Without including any image, retype the records word for word.

Records from a collection:

-- Opening Marker --

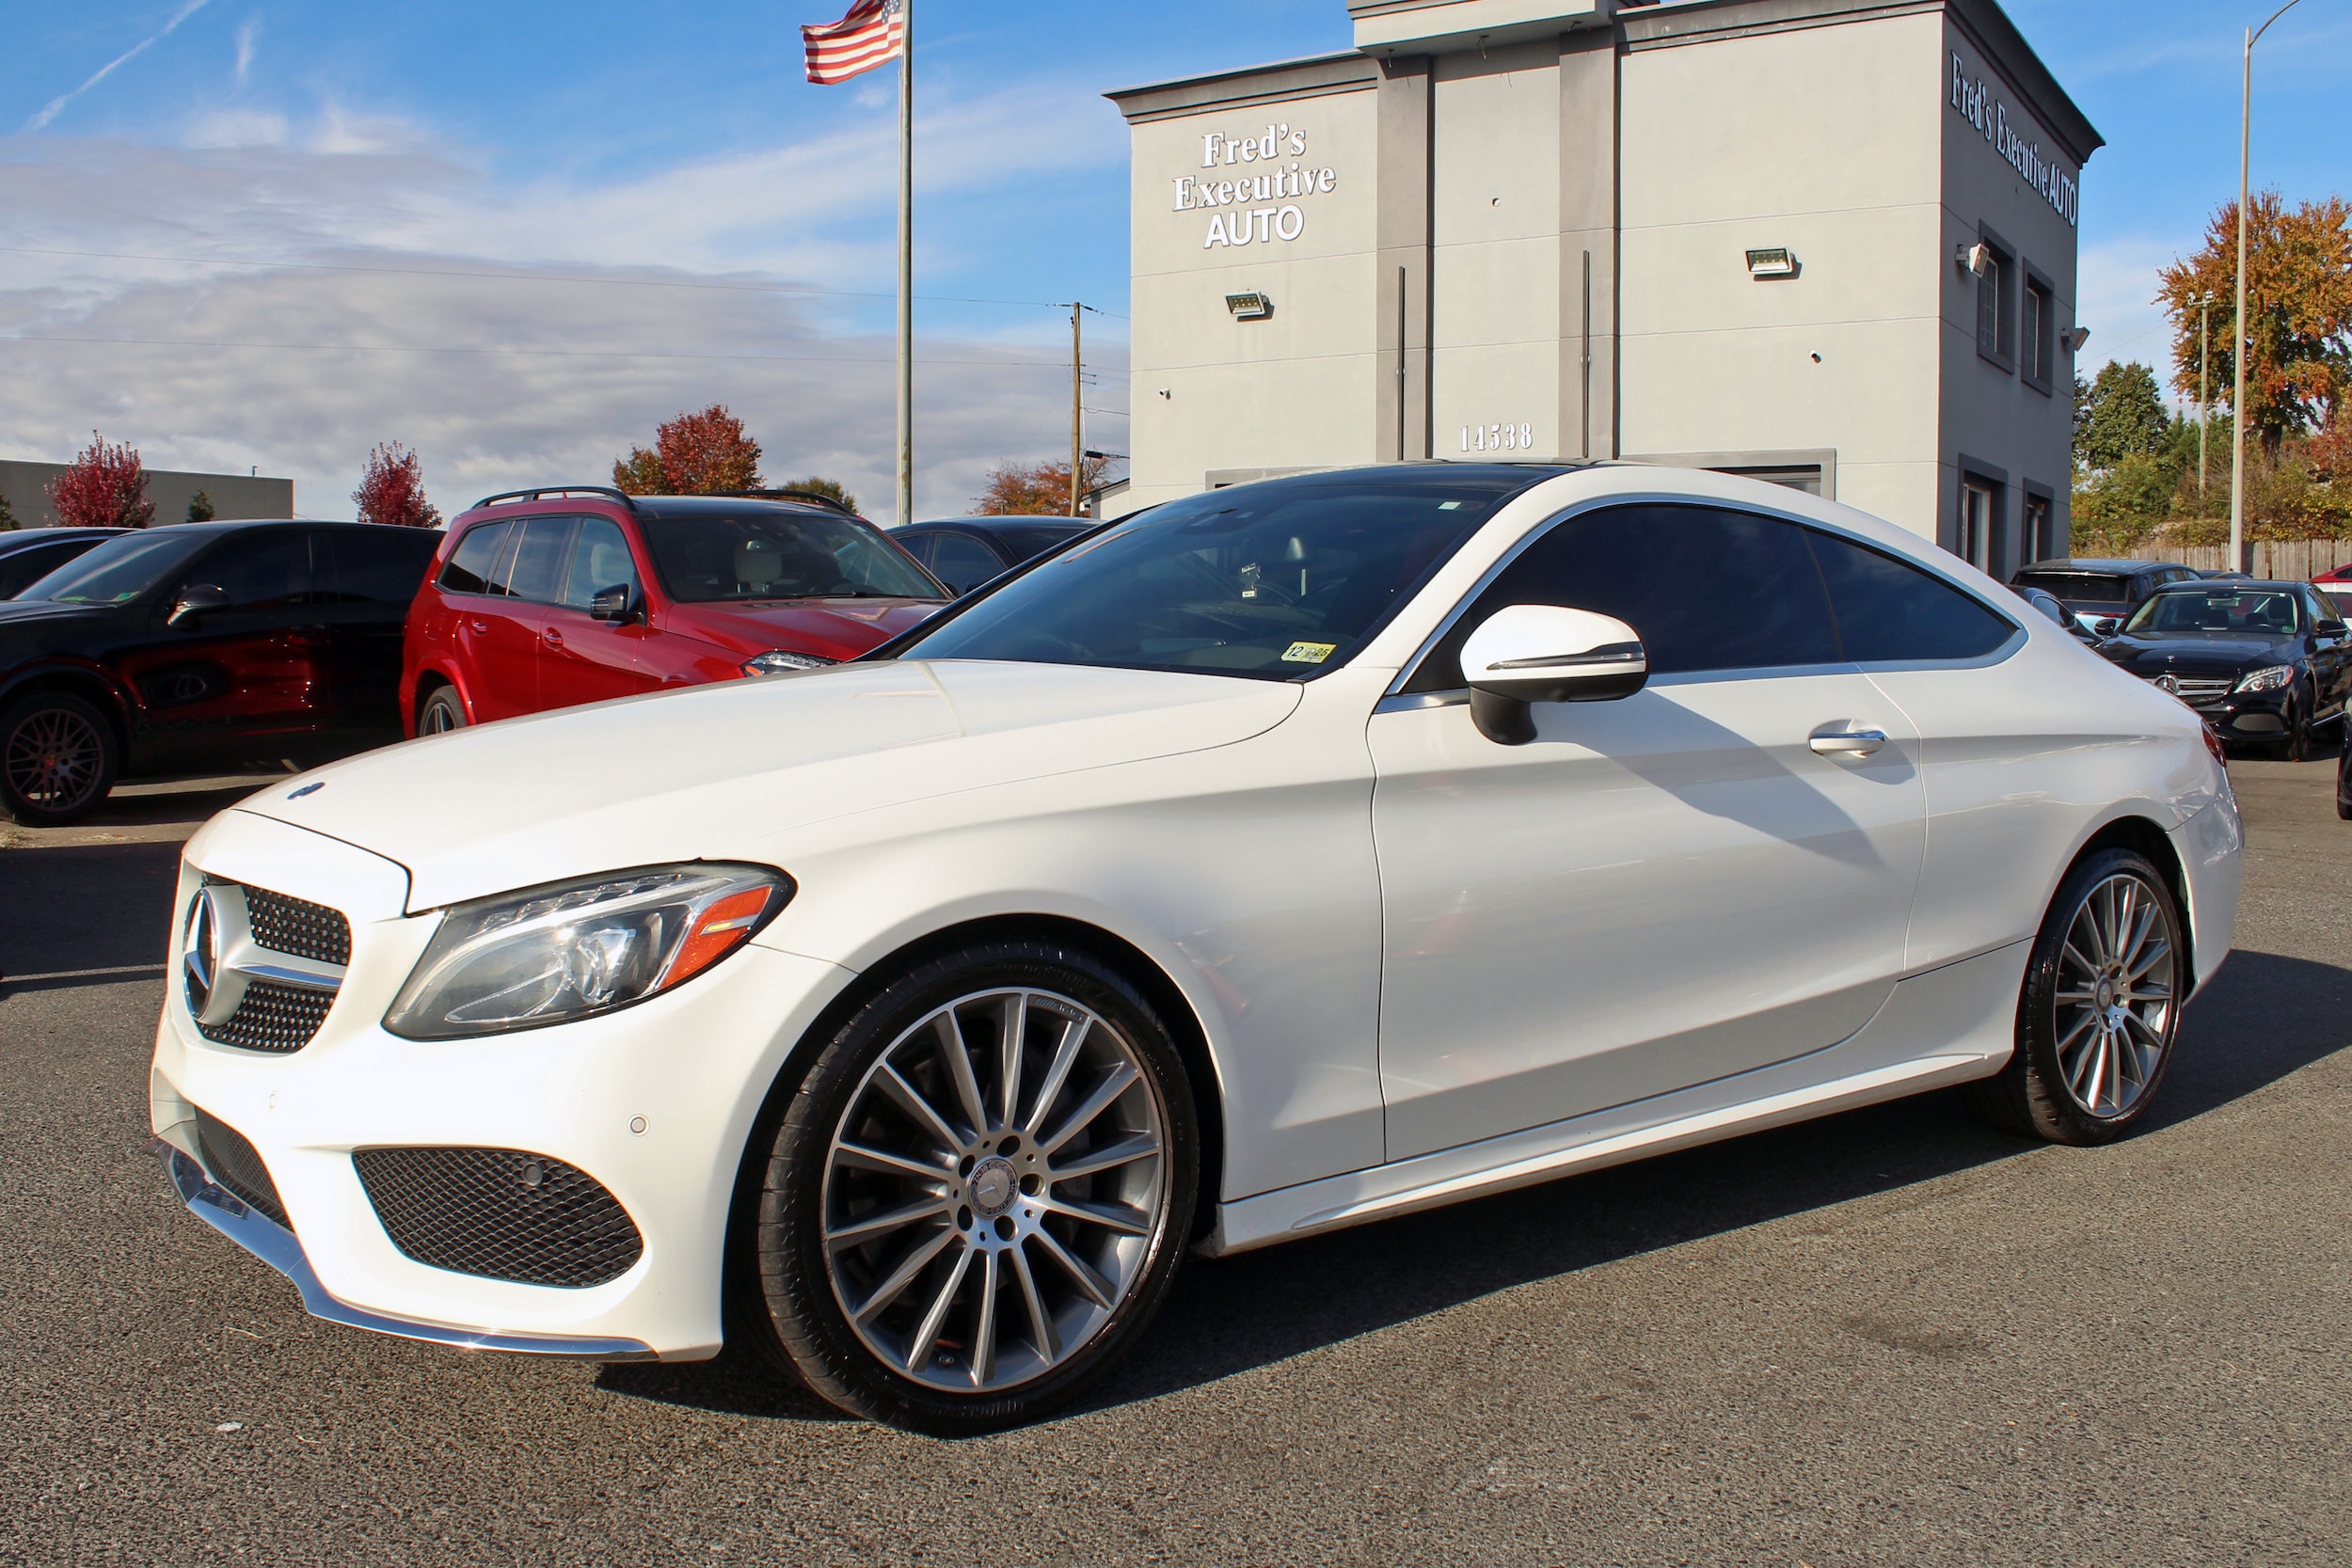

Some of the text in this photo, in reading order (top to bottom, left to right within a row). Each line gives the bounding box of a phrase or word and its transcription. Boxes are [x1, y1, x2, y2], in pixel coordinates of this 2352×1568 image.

[1200, 122, 1307, 168] Fred's
[1950, 50, 2076, 227] Fred's Executive AUTO
[1172, 162, 1337, 212] Executive
[1203, 204, 1305, 249] AUTO
[1460, 422, 1534, 452] 14538
[1287, 645, 1304, 657] 12

-- Closing Marker --

Answer to this problem:
Some of the text in this photo, in reading order (top to bottom, left to right within a row). Each line gives the bounding box of a phrase or word and its transcription. Boxes are [x1, y1, x2, y2], in pixel coordinates of this 2352×1568 image.

[1200, 122, 1307, 168] Fred's
[1950, 50, 2076, 227] Fred's Executive AUTO
[1172, 162, 1337, 212] Executive
[1203, 204, 1305, 249] AUTO
[1460, 422, 1534, 452] 14538
[1287, 645, 1304, 657] 12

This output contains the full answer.